At Columbia, “we’re working hard on being thoughtful about how to give excellent care to all patients in an equal way," says Cunningham, now associate professor of pediatrics and director for equity and justice in curricular affairs at Columbia University Vagelos College of Physicians and Surgeons. Hiring more diverse faculty, recruiting more diverse students, and establishing an anti-racism task force are just the beginning.
“Our learners right now are going to be the doctors of 2050. What do they need to know? And what can we learn from them?” says Cunningham. ”We are all constantly learning.”
In the medical school classroom
In 2017, a student-faculty partnership began at VP&S to increase anti-racism in the curriculum, inspired by a student’s criticism of a lecture that stated, incorrectly, that all healthy gums are pink. Guidelines for promoting an anti-bias and inclusive curriculum followed. Now, all lectures start with an invitation for student feedback.
Imagine a lecture for medical students. A slide presentation on a screen. Pick a topic. Kidney disease, for example. What’s obvious to practicing doctors—that outcomes are related to a mix of genetic and social factors, like unequal care even among the insured—is part of what students need to learn. A slide showing disparities must include causal details. "If you do not explain why, what’s behind the disparities, students are left to make their own conclusions," says Cunningham. "The added benefit of anti-racism is that specifics help us to be more scientific."
Cunningham works with faculty to optimize their slides for teaching and help them convey their intended message. If a slide simply shows a stat—more Black people die of COVID, for example—without mention of facts like front-line jobs and inferior care, problems with broader systems of care are missed. “We want to teach people in health care to recognize racial disparities—and also systems of care that are often at the root of these disparities—so we do not inadvertently blame people for their illnesses,” says Cunningham.
"The Color of Care"
Cunningham’s dedication to students and patients, tireless work in educating future generations of doctors, and commitment to ending racism in health care made her a perfect fit for “The Color of Care,” a new documentary examining racial health disparities and practices in the United States.
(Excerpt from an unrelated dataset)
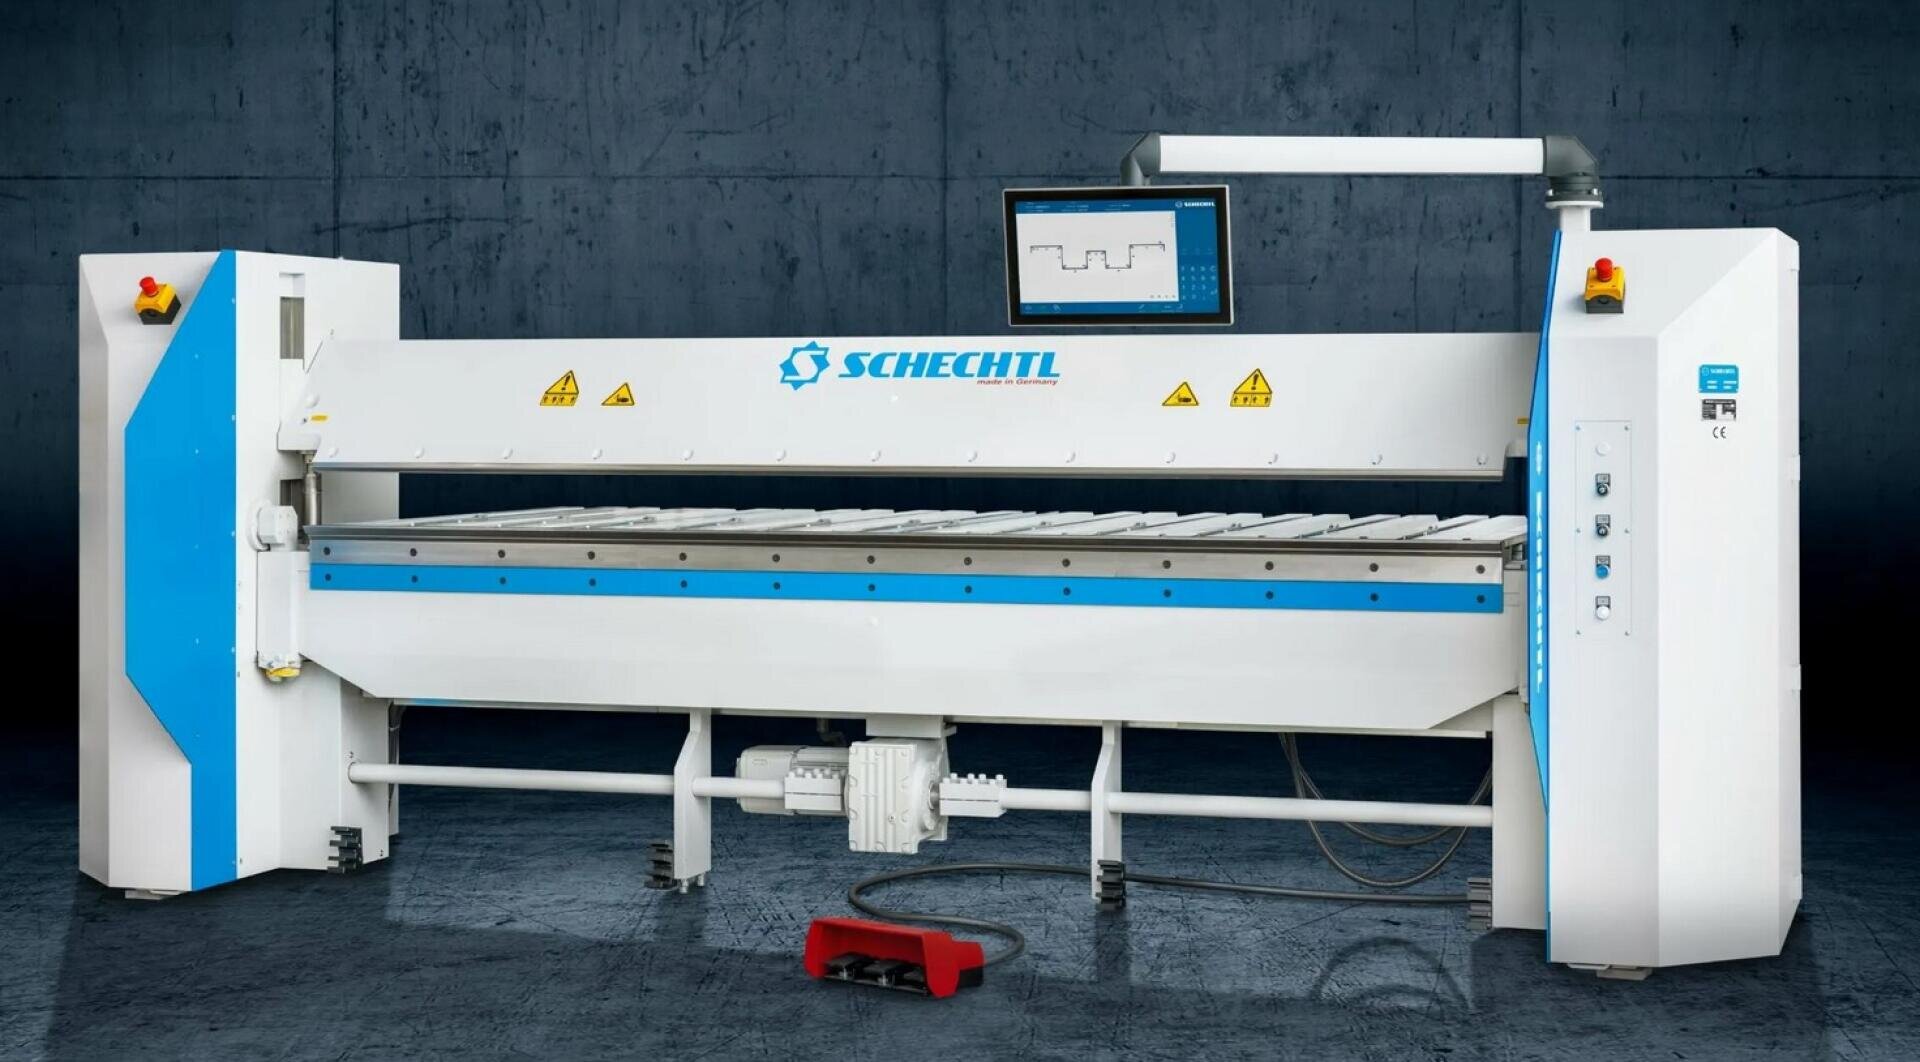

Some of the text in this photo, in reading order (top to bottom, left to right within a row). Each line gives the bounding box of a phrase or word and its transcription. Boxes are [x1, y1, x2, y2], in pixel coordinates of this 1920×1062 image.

[838, 351, 1060, 378] SCHECHTL
[1016, 378, 1058, 386] Germany
[1712, 426, 1727, 439] CE
|Hetty Cunningham in "The Color of Care." See full trailer at the Smithsonian Channel|
Produced by Oprah Winfrey and the Smithsonian Channel, the documentary is part of a year-long campaign to eliminate racial disparities in health care, with specific interest in arming current and future doctors, nurses, and other medical professionals with appropriate tools.
One tool is self-awareness. Cunningham helped develop a reflective writing curriculum for medical students to be mindful of how they may be changing, and when and why. "Students come in with so much idealism. They really want to relieve suffering and take care of patients. We don't want them to lose sight of that,” she says.
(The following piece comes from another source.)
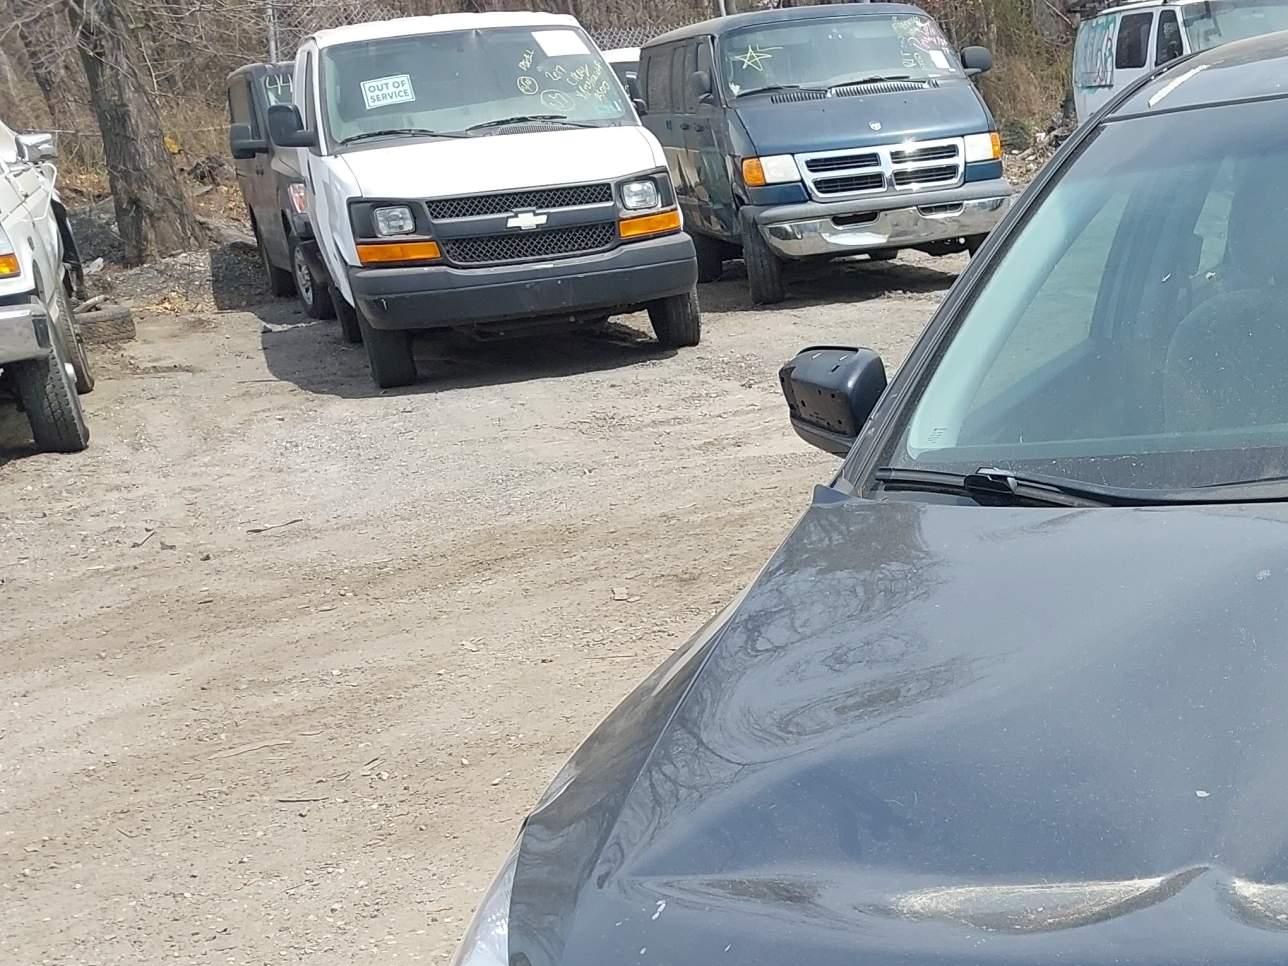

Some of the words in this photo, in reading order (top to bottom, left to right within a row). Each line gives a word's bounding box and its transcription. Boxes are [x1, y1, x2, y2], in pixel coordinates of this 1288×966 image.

[368, 82, 389, 93] OUT
[392, 80, 406, 89] OF
[370, 89, 410, 103] SERVICE
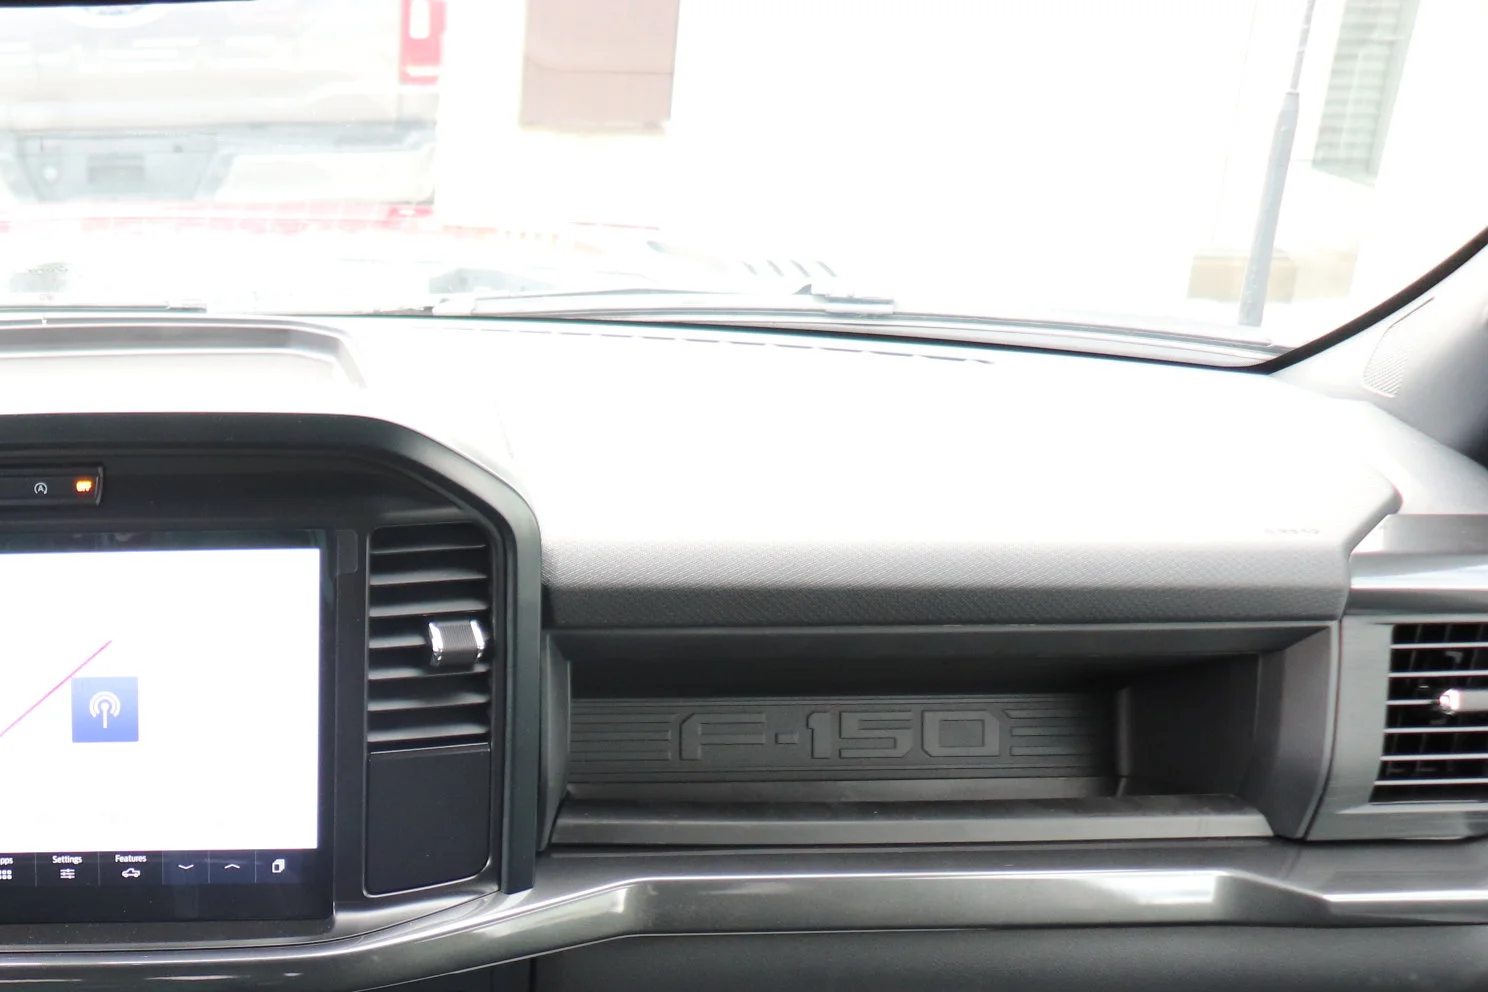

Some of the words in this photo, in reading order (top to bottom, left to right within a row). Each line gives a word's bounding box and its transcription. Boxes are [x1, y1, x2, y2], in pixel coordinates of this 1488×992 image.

The documentary uses examples from the pandemic to illustrate the impact of systematically substandard care for many Americans. But combating this problem and its causes has not been a priority in the United States, at least not consistently. In 2003, after the National Academy of Medicine (then the Institute of Medicine) published “Unequal Treatment: Confronting Racial and Ethnic Disparities in Healthcare,” the topic of inequity received more attention from media and more NIH funding. And for the first time health disparity data (rates of asthma broken down by race, for example) began to appear on reports and presentations.
Most white Americans thought everybody was getting the same care level of care. After that report, there was a big burst of interest and then that faded,” says Cunningham. “Now we're having another wave of interest in equity. Today we're being asked to say why disparities exist. What is the source?”
The reasons for many differences are not completely understood, but it’s now acknowledged that they relate to historic racism, lack of access to care, and residential segregation.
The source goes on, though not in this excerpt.